Assignment ->
The pictures are to be dropped, and the records below are to be restated word for word.

START Material for this exercise

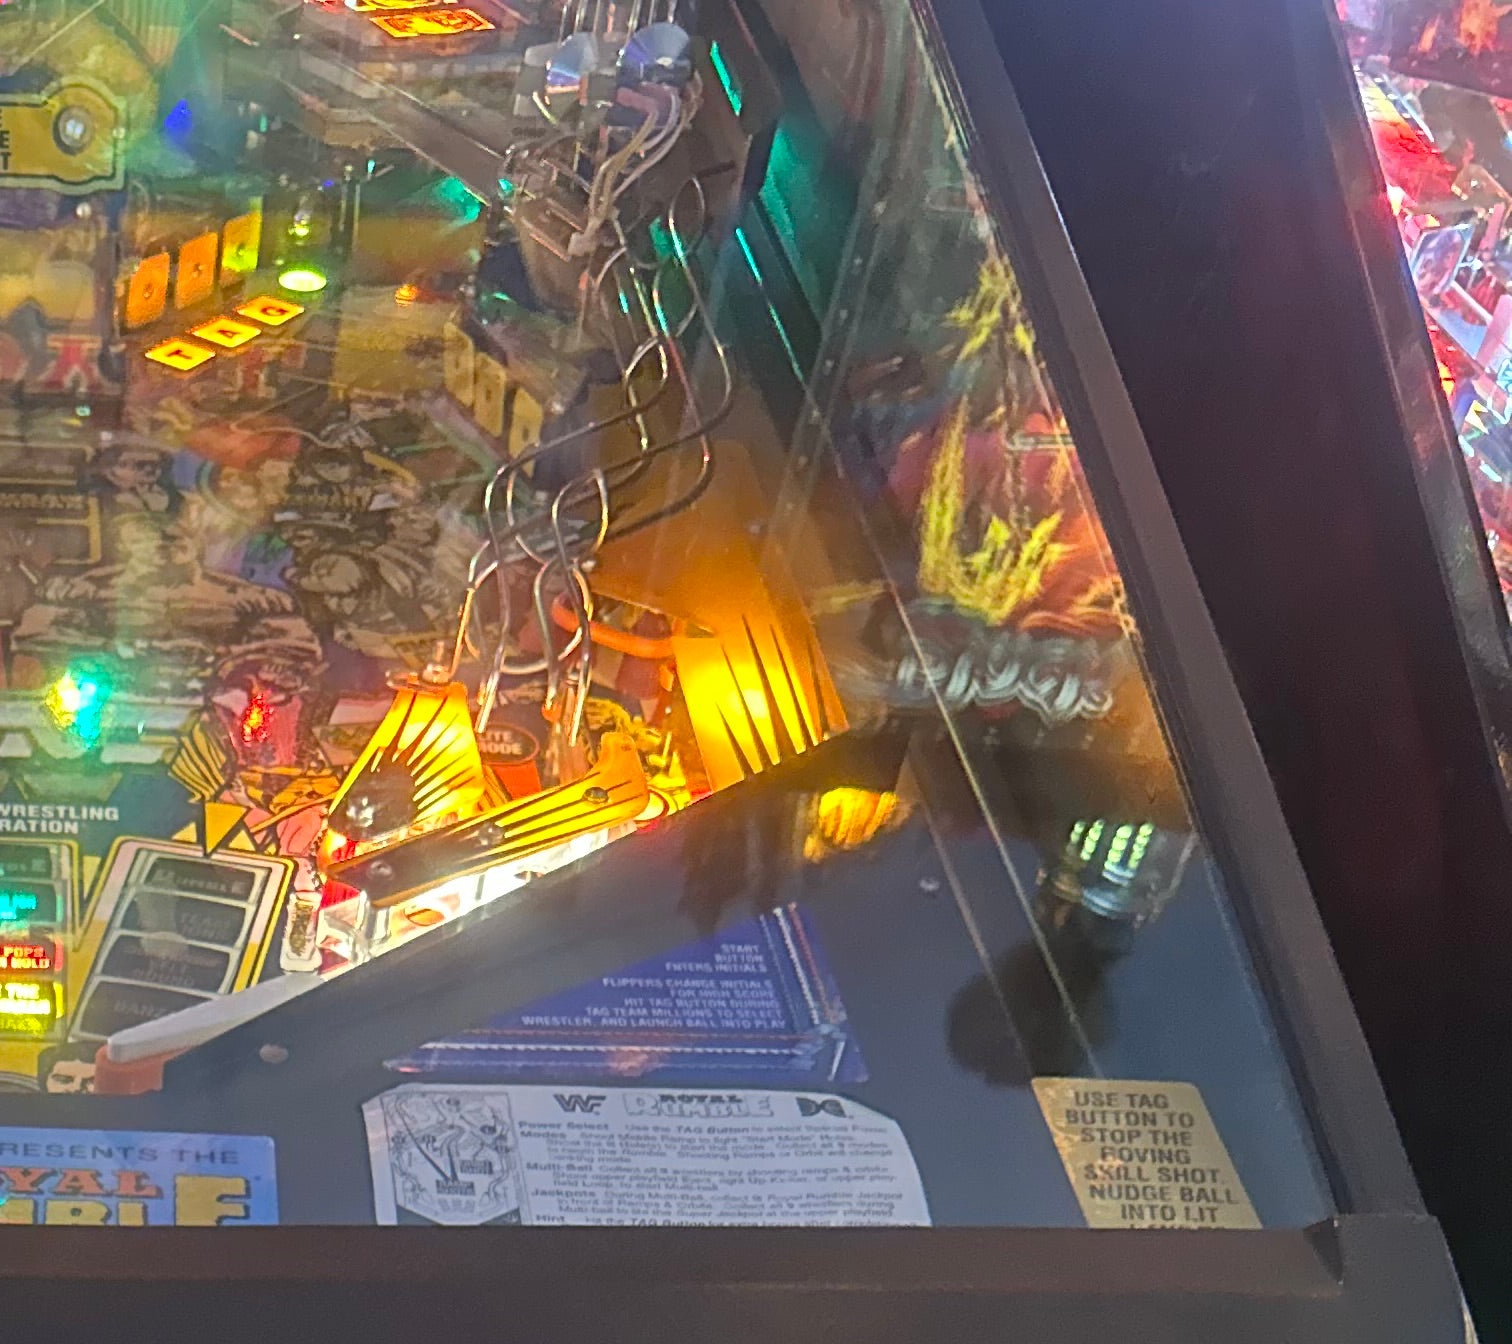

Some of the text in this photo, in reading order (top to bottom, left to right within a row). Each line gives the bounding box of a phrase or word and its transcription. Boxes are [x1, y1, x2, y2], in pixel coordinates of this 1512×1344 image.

[1074, 1091, 1170, 1110] USE TAG
[1065, 1109, 1195, 1129] BUTTON TO
[1080, 1128, 1193, 1146] STOP THE
[170, 1148, 240, 1166] THE
[1084, 1164, 1150, 1182] SKILL
[1088, 1184, 1240, 1205] NUDGE BALL
[1120, 1204, 1219, 1223] INTO LIT

END Material for this exercise

Expected answer ->
Some of the text in this photo, in reading order (top to bottom, left to right within a row). Each line gives the bounding box of a phrase or word and its transcription. Boxes are [x1, y1, x2, y2], in pixel coordinates of this 1512×1344 image.

[1074, 1091, 1170, 1110] USE TAG
[1065, 1109, 1195, 1129] BUTTON TO
[1080, 1128, 1193, 1146] STOP THE
[170, 1148, 240, 1166] THE
[1084, 1164, 1150, 1182] SKILL
[1088, 1184, 1240, 1205] NUDGE BALL
[1120, 1204, 1219, 1223] INTO LIT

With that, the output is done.